- WHAT YOU WILL DO
Without any of their pictures, return all of the records exactly.

[DATA SECTION — start]

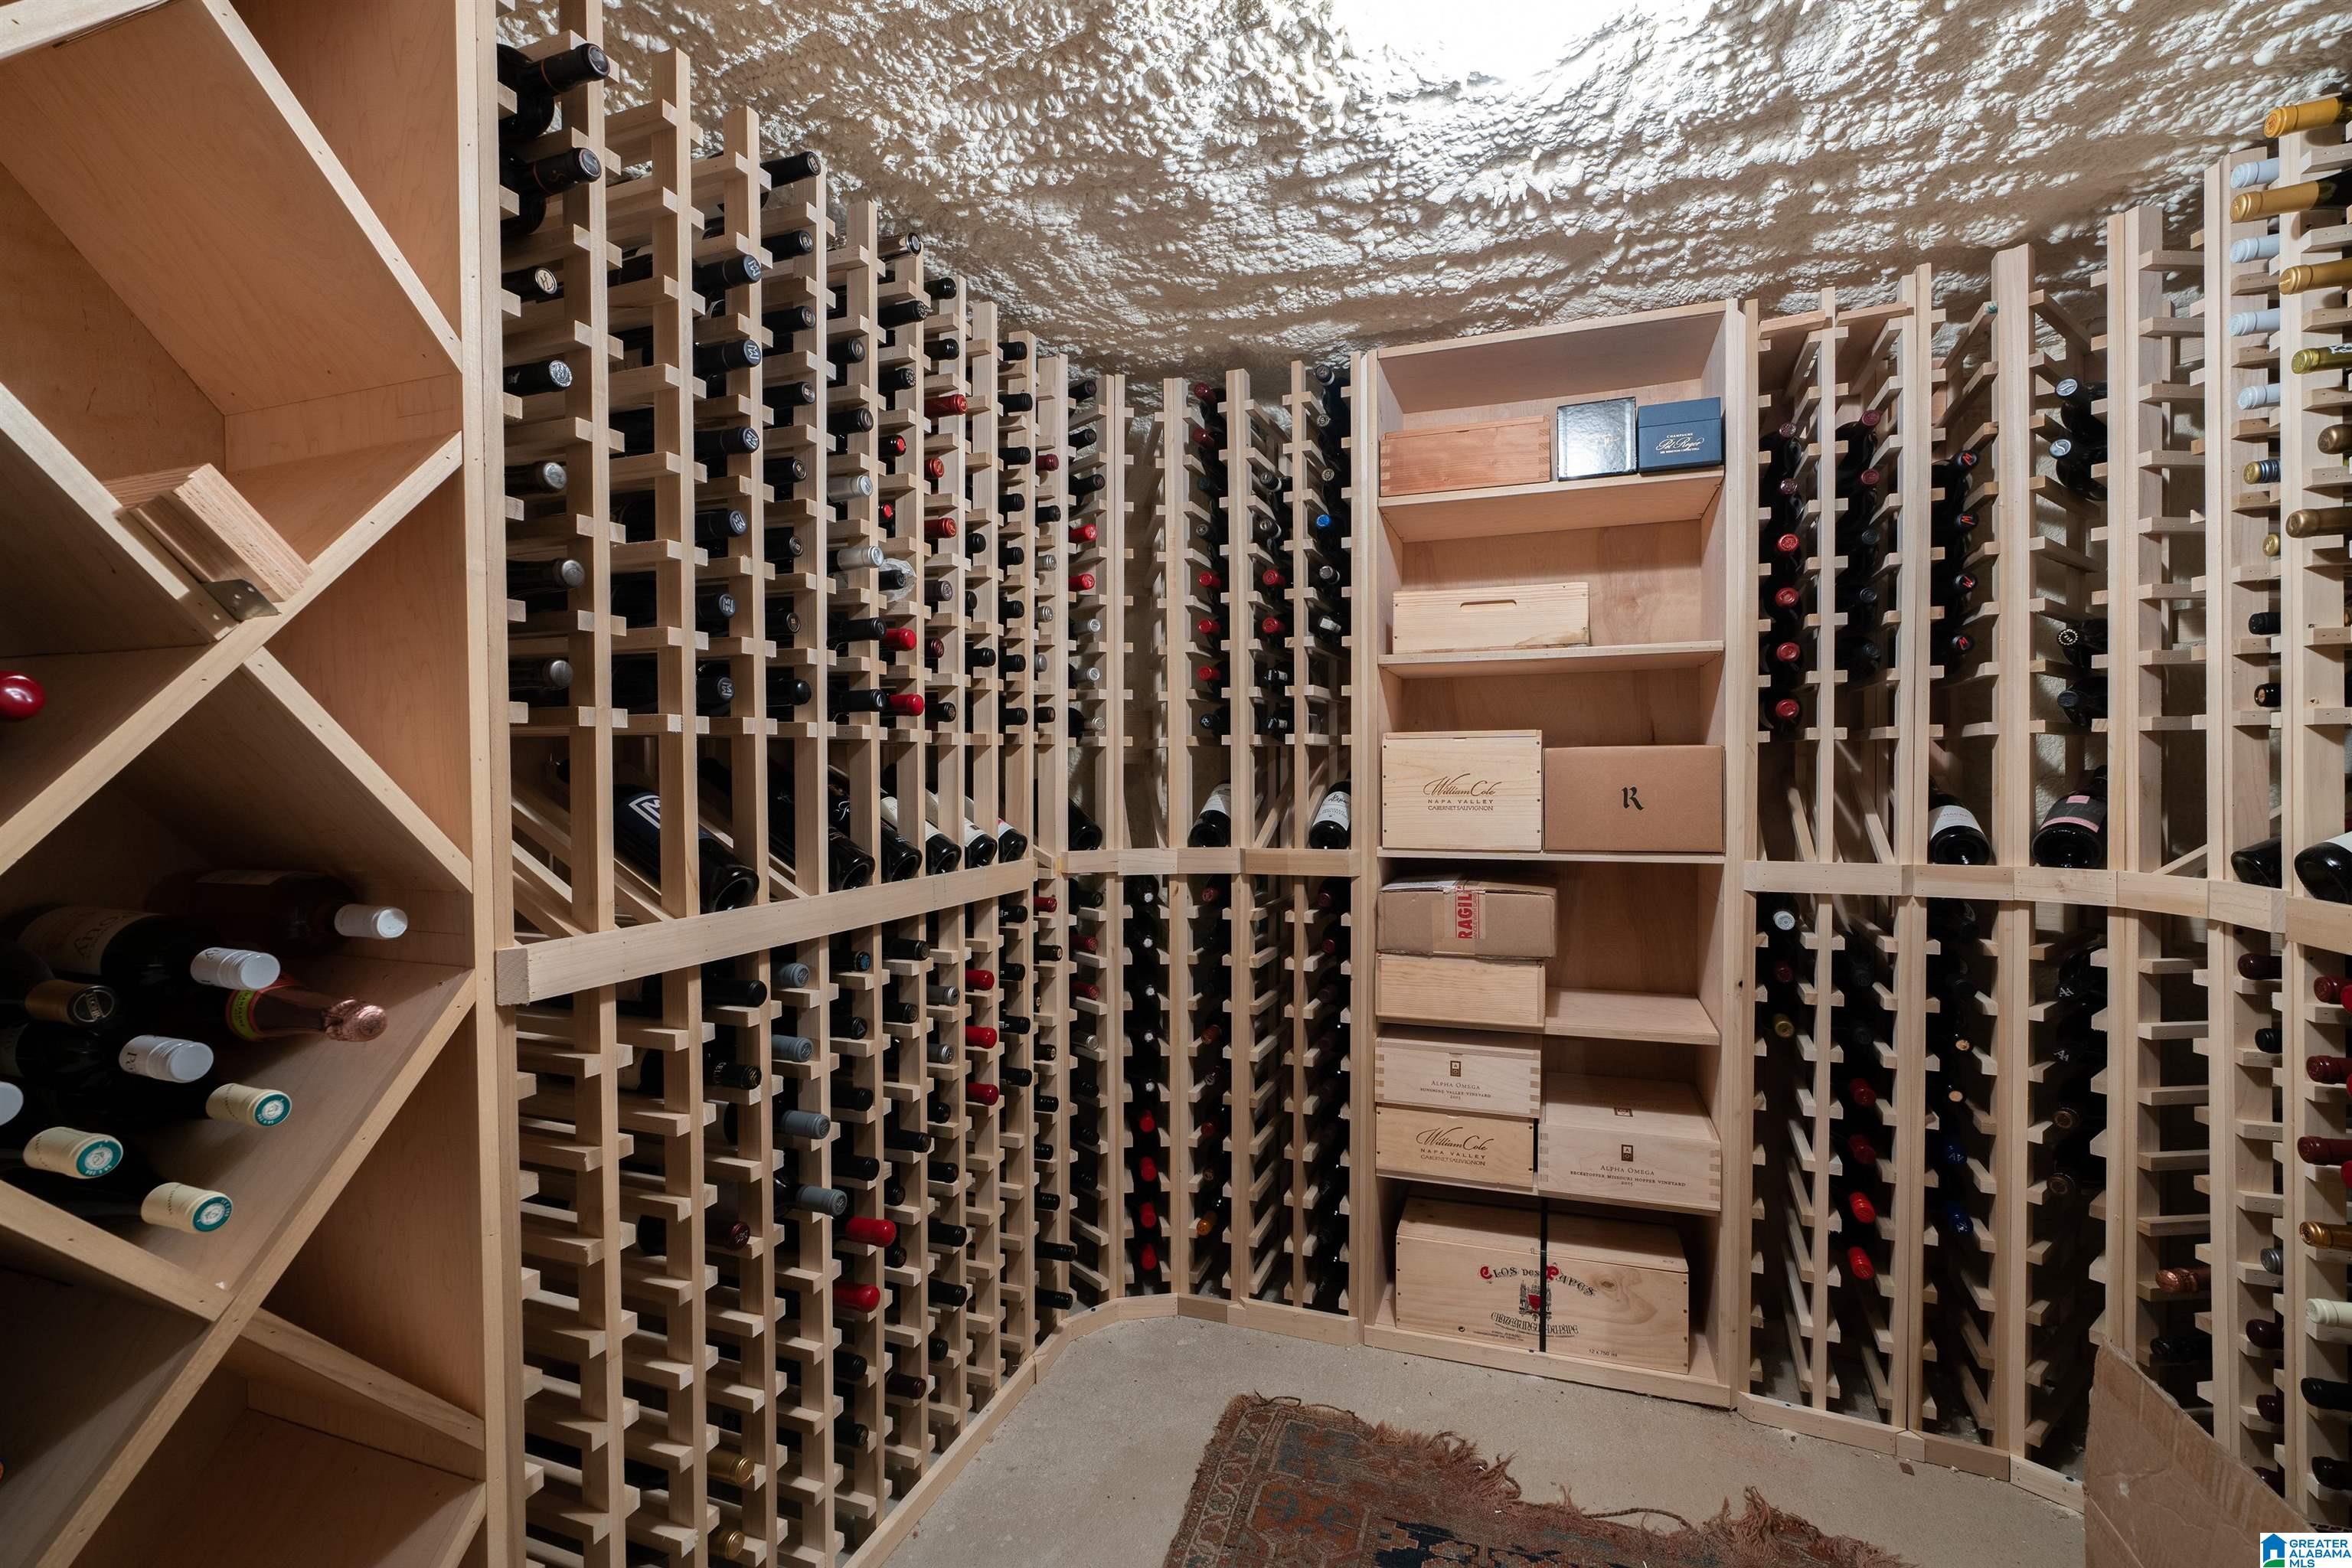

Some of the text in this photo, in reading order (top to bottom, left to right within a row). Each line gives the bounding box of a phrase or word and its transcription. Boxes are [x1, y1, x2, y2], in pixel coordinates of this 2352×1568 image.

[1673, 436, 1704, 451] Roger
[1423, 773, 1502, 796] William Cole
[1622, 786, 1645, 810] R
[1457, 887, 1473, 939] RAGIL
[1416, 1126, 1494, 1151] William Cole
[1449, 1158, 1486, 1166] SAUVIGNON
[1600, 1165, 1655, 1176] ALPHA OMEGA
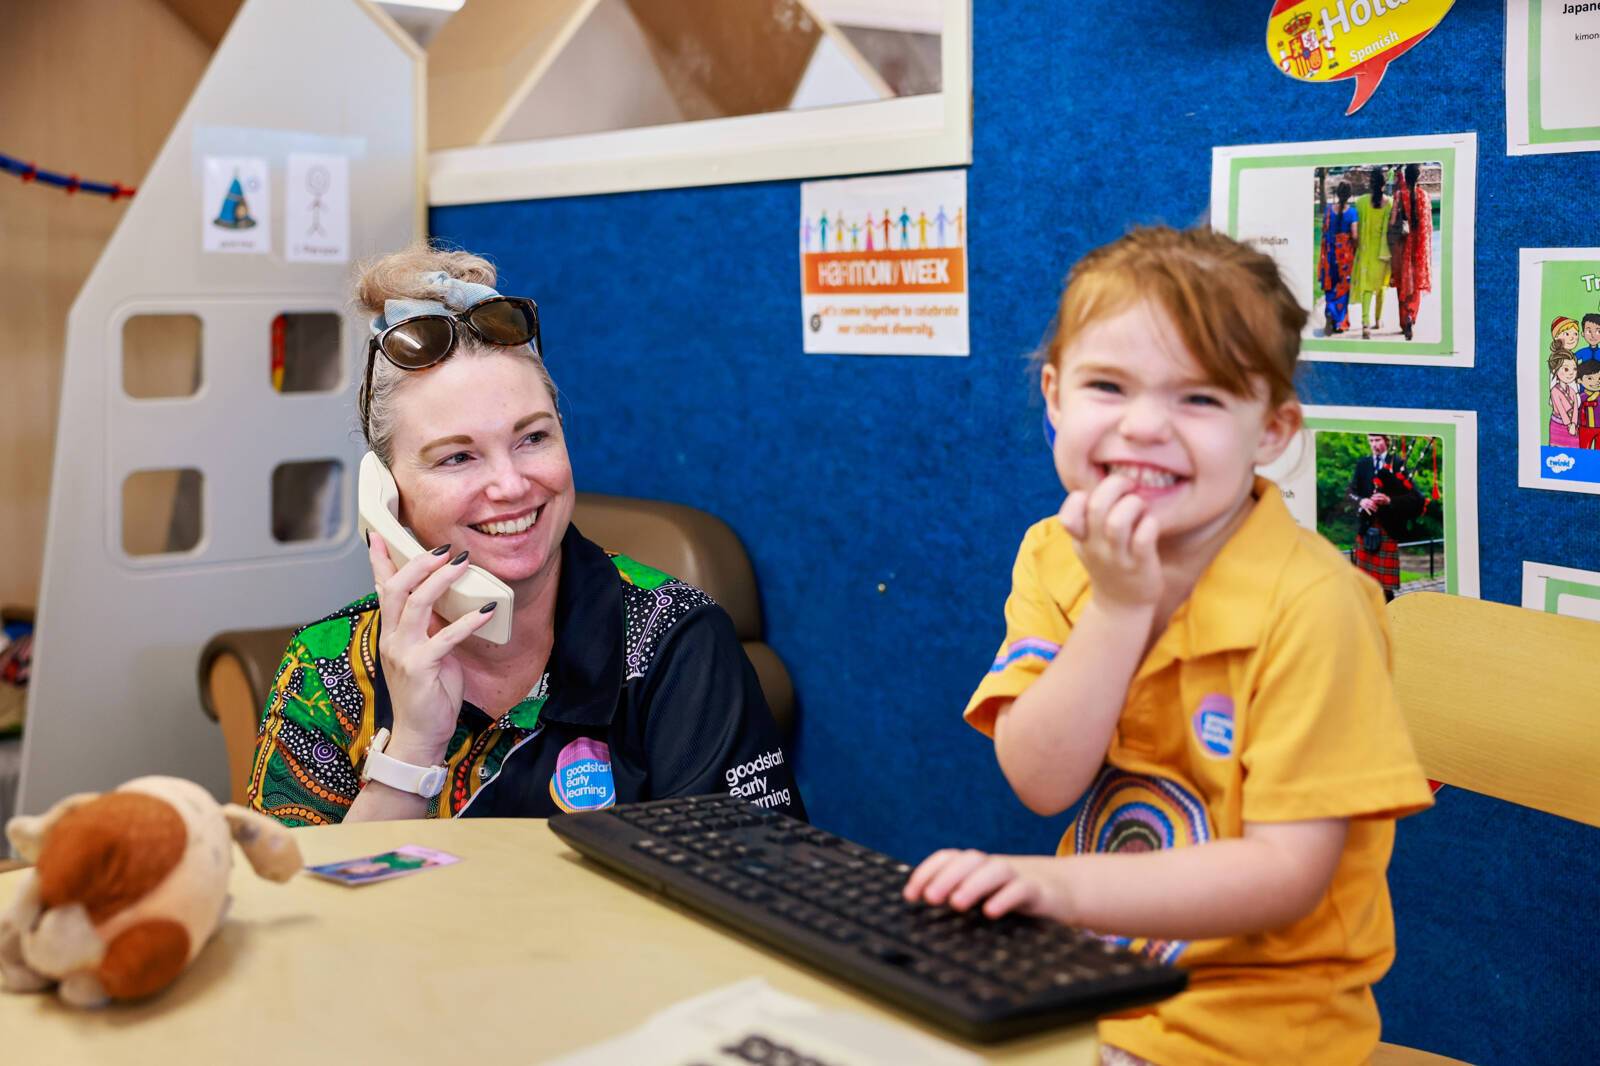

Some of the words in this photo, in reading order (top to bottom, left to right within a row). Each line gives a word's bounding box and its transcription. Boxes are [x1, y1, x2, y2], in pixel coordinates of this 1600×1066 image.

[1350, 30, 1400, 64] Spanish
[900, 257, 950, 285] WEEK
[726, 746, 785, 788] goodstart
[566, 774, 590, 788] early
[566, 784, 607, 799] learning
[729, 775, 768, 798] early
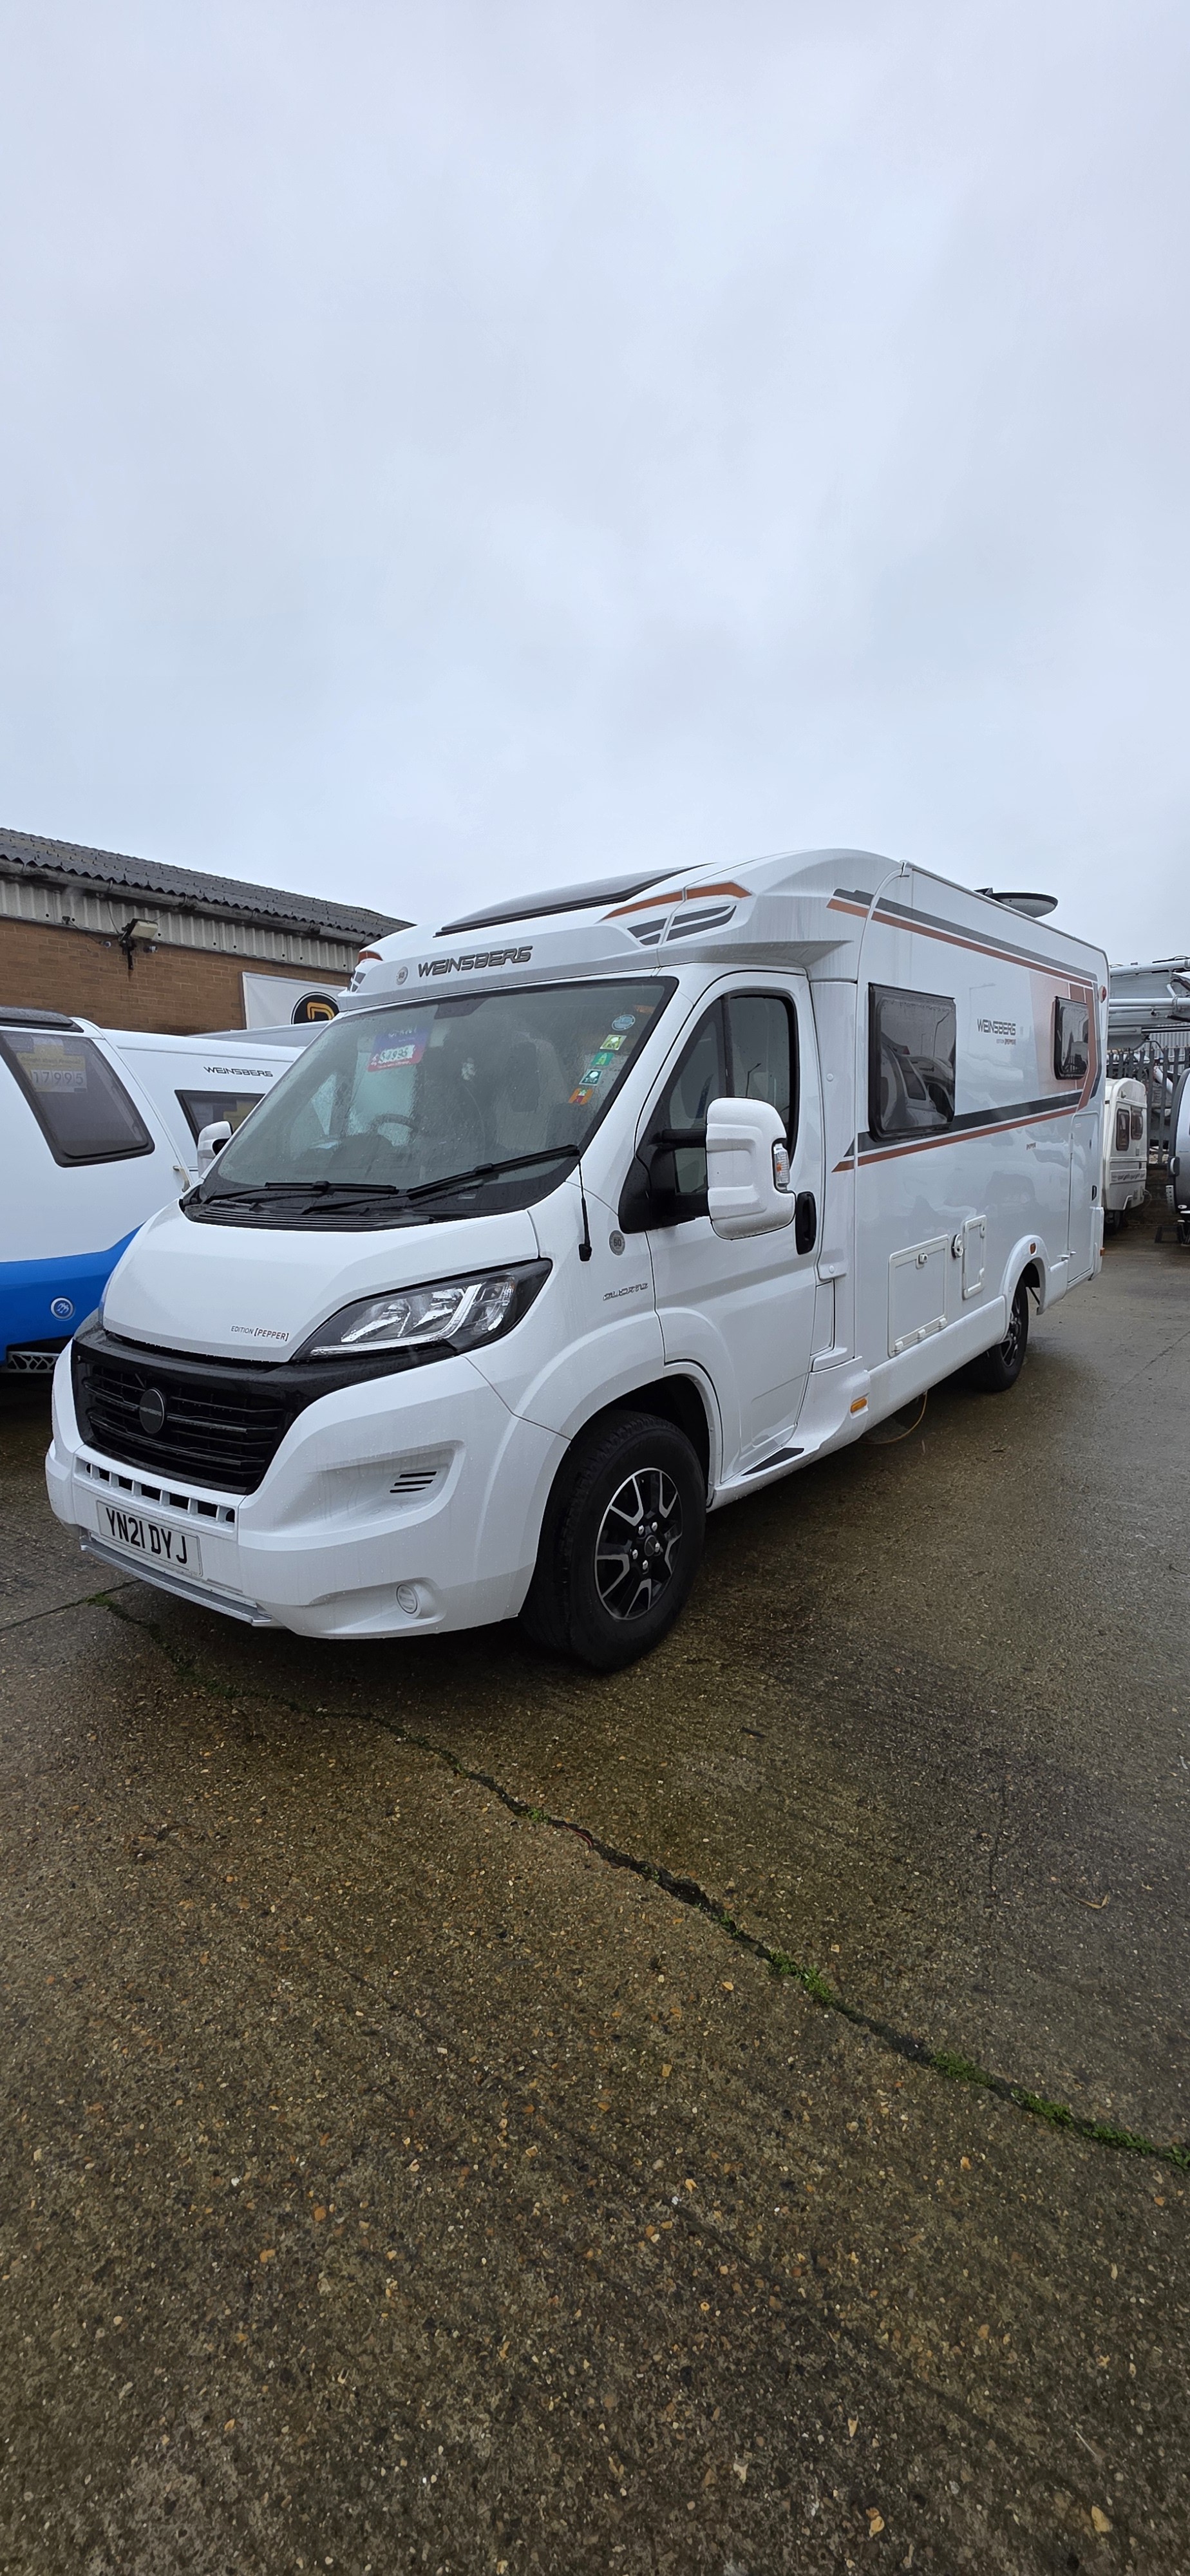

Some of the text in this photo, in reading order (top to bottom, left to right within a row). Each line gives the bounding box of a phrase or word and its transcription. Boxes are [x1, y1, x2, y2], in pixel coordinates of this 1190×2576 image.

[DATA SECTION — finish]

- ANSWER SPACE
Some of the text in this photo, in reading order (top to bottom, left to right within a row). Each line gives the bounding box of a phrase or word and its transcription. Boxes are [x1, y1, x2, y2], in pixel coordinates of this 2352×1568 image.

[1673, 436, 1704, 451] Roger
[1423, 773, 1502, 796] William Cole
[1622, 786, 1645, 810] R
[1457, 887, 1473, 939] RAGIL
[1416, 1126, 1494, 1151] William Cole
[1449, 1158, 1486, 1166] SAUVIGNON
[1600, 1165, 1655, 1176] ALPHA OMEGA

Some of the words in this photo, in reading order (top to bottom, left to right within a row). Each line gives a word's bounding box and its transcription. Boxes are [x1, y1, x2, y2], in pixel coordinates of this 1600×1066 image.

[1350, 30, 1400, 64] Spanish
[900, 257, 950, 285] WEEK
[726, 746, 785, 788] goodstart
[566, 774, 590, 788] early
[566, 784, 607, 799] learning
[729, 775, 768, 798] early

Some of the text in this photo, in reading order (top to bottom, left to right within a row). Each line gives the bounding box of a phrase or word and its transcription. Boxes are [x1, y1, x2, y2], in pixel coordinates of this 1190×2576 image.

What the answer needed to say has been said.